Let me repeat. The situation is such that there are no good options. There are only bad and very bad.  This option (ceasefire + diplomacy) is bad, as it has clear shortcomings which are understandable to  anyone. However, all the other options are far worse. In the long term security in Europe can only be achieved through the creation of a common economic and political space from Lisbon to Vladivostok.

However, for the time being there are principled contradictions between Russia’s current leadership, on the one hand, and the West and Ukraine, on the other hand, to the extent that they are so serious and profound, while the scales of the territorial claims are so material that the crisis cannot be resolved through military force. It will not prove possible to return in full or retain these lands in the conflict zone without numerous victims both among the military and the civilian population. People will die every day not only on the battle field, but as a result of the missile and artillery fire of residential districts, persecution and diseases which proliferate at a time of military operations. This will continue until a ceasefire agreement has been concluded.

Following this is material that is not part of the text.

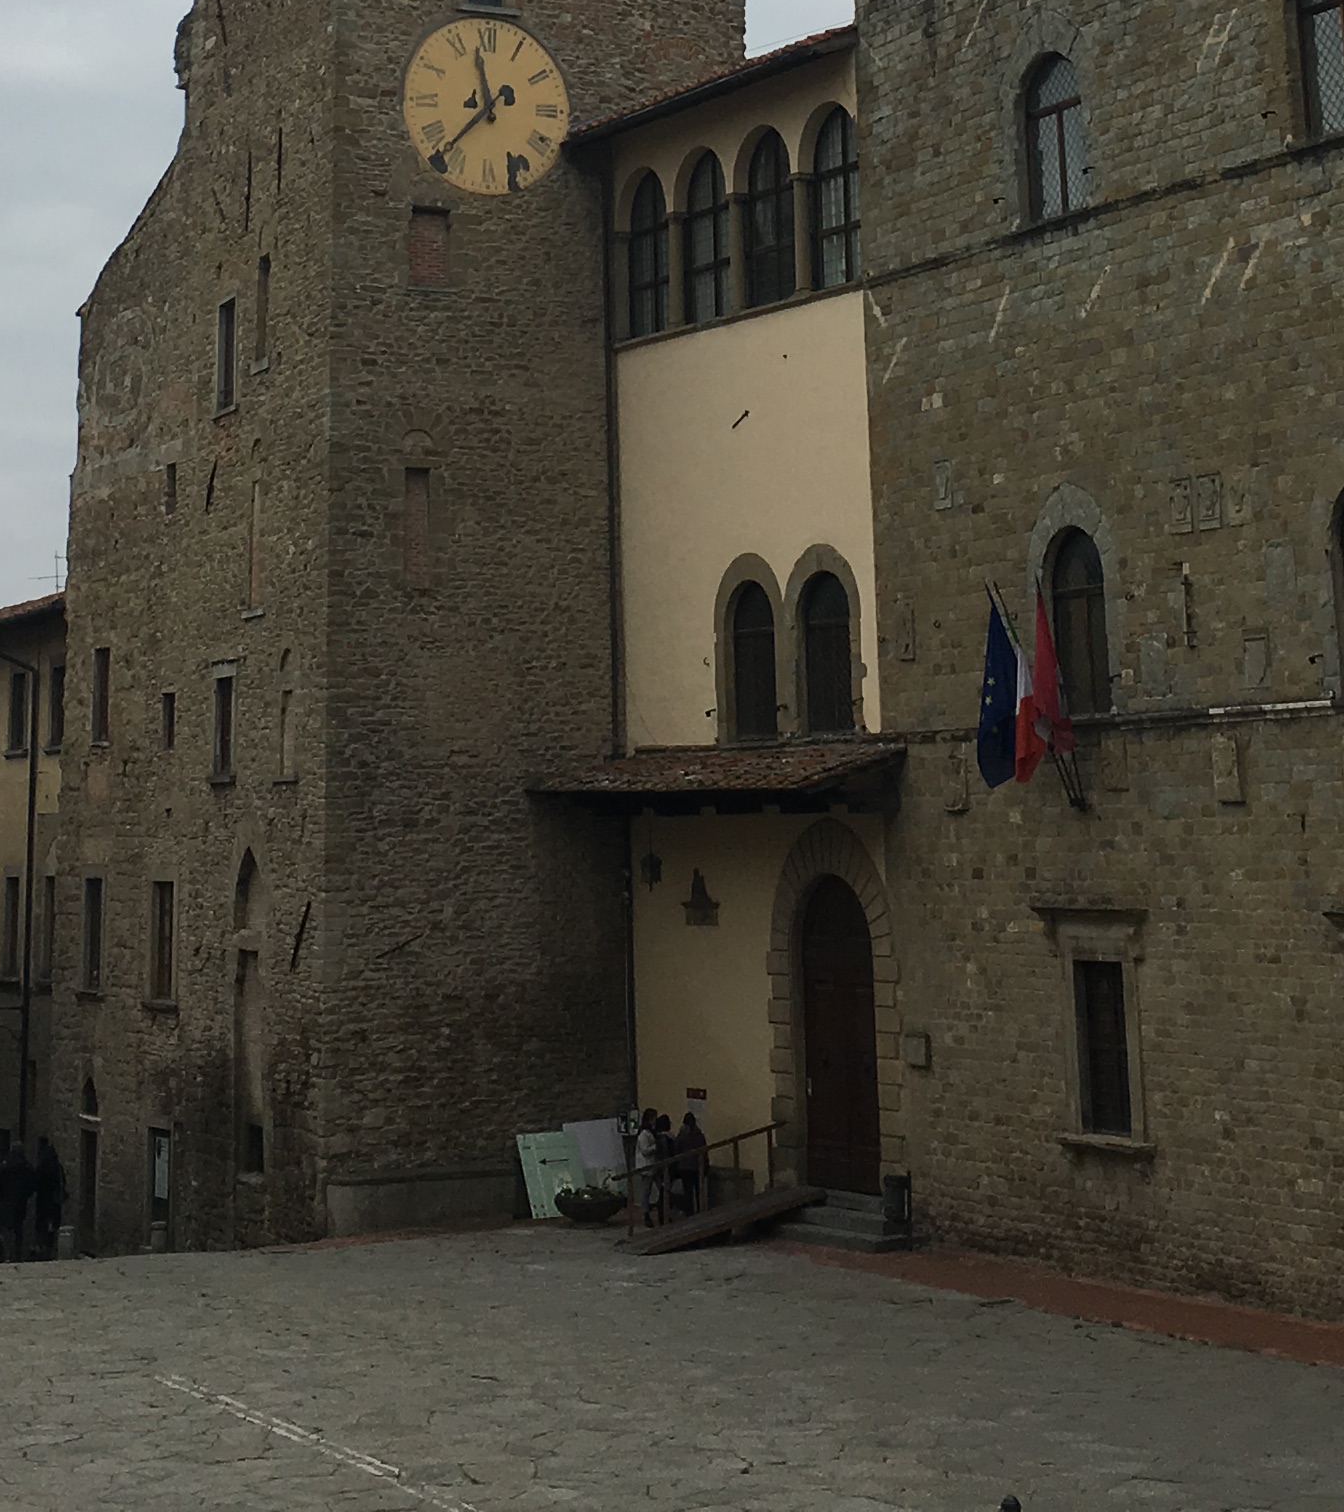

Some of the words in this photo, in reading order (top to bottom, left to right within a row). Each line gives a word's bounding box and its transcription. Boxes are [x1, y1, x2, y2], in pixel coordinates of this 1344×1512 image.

As General Mark Milley, Chairman of the Joint Chiefs of Staff of the USA, said in an interview with the Washington Post in August this year: “This offensive [Ukraine’s armed forces] is going to be long, is going to be bloody and is going to be slow, and it’s a very, very difficult fight”7.

George Clemenceau, the Prime Minister of France in 1919, said that it is harder to make peace than to wage war.

When the conflict in Ukraine approaches something similar to an end, peace-building will become a separate vast and complex objective.

P.S.: On different platforms, politicians, political scientists, commentators, bloggers and journalists state that it is not realistic to conclude a ceasefire agreement in the current environment… And this is understandable. Today, neither Putin, nor Zelenskyy, nor Biden, nor high-ranking bureaucrats in Brussels want to discuss a ceasefire initiative. If that is the case, why talk and write about this constantly? Because there is nothing more important than saving lives. And this is something that society must demand and achieve. We need to form such public understanding, namely such a mood among the absolute majority of our citizens8. People must demand that politicians save lives, engineer a ceasefire, hold peace negotiations. However, today we have a long way to go before we reach such an understanding, while the price of each day [of delay] is the loss of lives and the appearance of new cripples. That is why we talk and write about this.